Produce a faithful copy of every record below, without the pictures.

##### AVAILABLE DATA

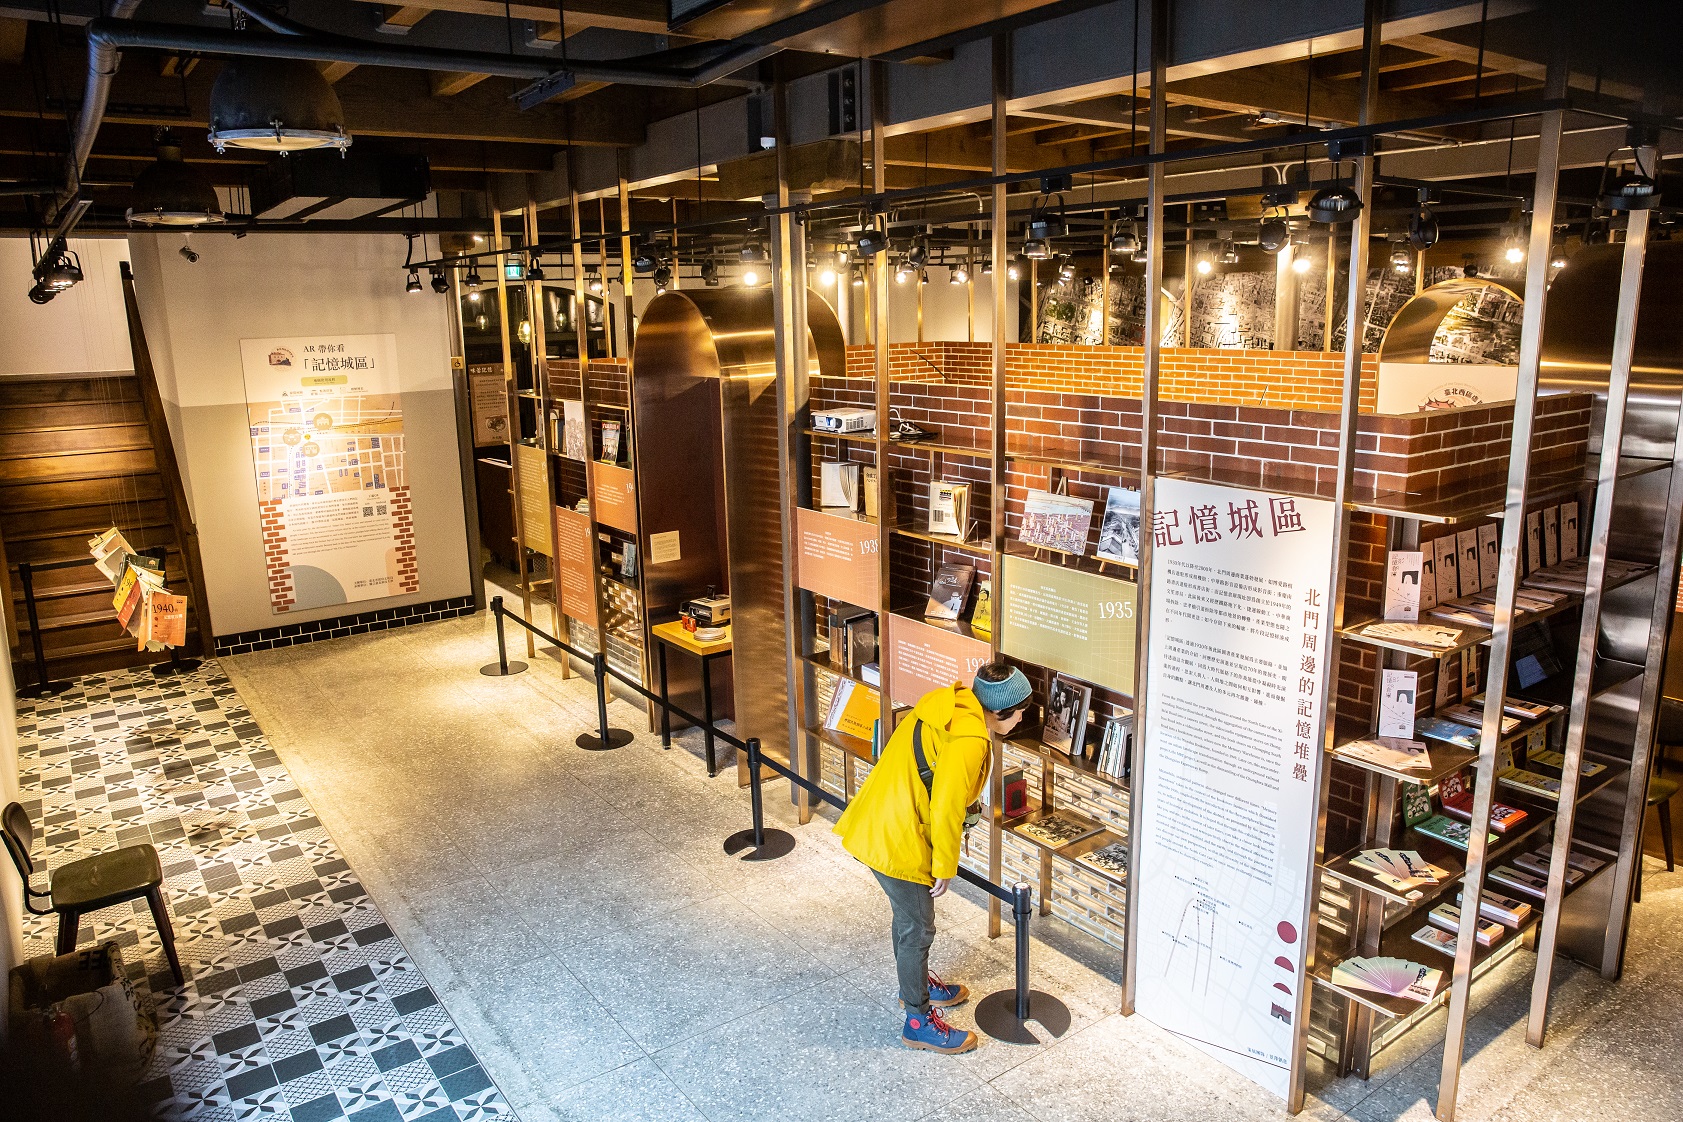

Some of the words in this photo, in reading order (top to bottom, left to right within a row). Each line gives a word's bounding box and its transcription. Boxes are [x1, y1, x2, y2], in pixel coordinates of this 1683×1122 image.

[303, 345, 316, 353] AR
[317, 343, 346, 354] 帶你看
[1152, 496, 1307, 549] 記憶城區
[1097, 601, 1133, 619] 1935
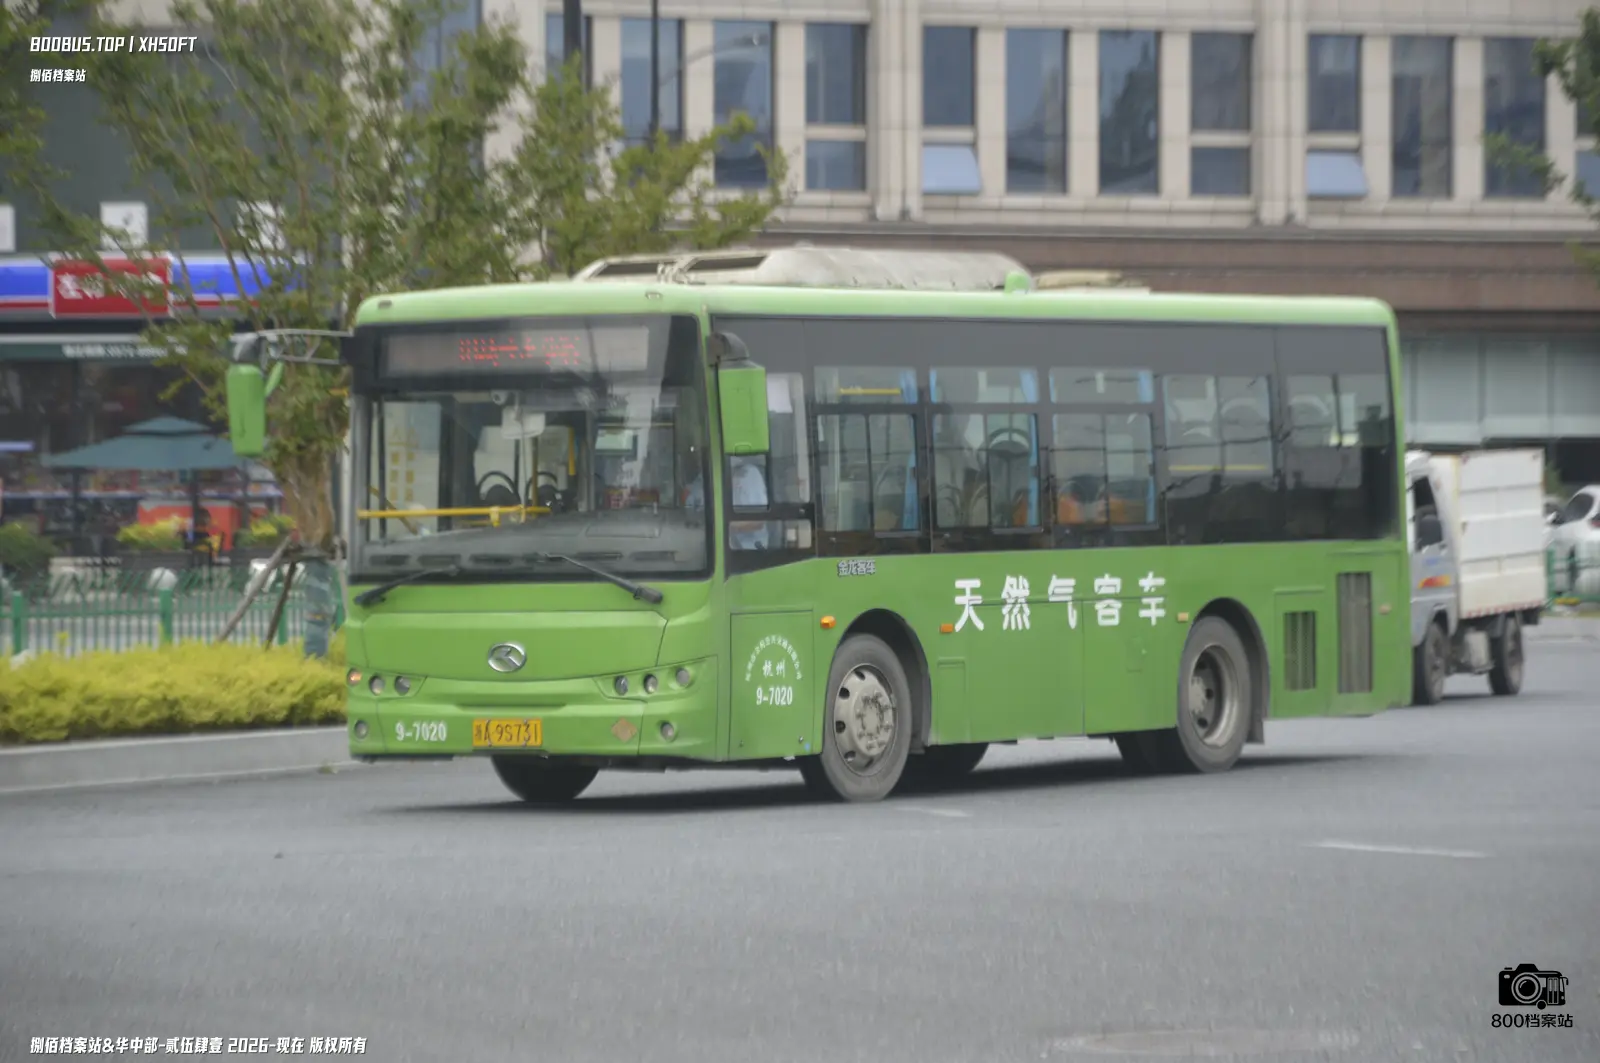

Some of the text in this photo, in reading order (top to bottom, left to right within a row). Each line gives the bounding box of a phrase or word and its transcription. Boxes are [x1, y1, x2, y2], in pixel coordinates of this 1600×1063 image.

##########

ANSWER TO THE PROBLEM:
Some of the words in this photo, in reading order (top to bottom, left to right within a row). Each line gives a word's bounding box and its transcription. Boxes are [x1, y1, x2, y2], in pixel coordinates of this 1683×1122 image.

[303, 345, 316, 353] AR
[317, 343, 346, 354] 帶你看
[1152, 496, 1307, 549] 記憶城區
[1097, 601, 1133, 619] 1935

Some of the text in this photo, in reading order (top to bottom, left to right within a row). Each line gives the bounding box of a phrase or word and its transcription. Boxes are [x1, y1, x2, y2], in pixel coordinates of this 1600×1063 image.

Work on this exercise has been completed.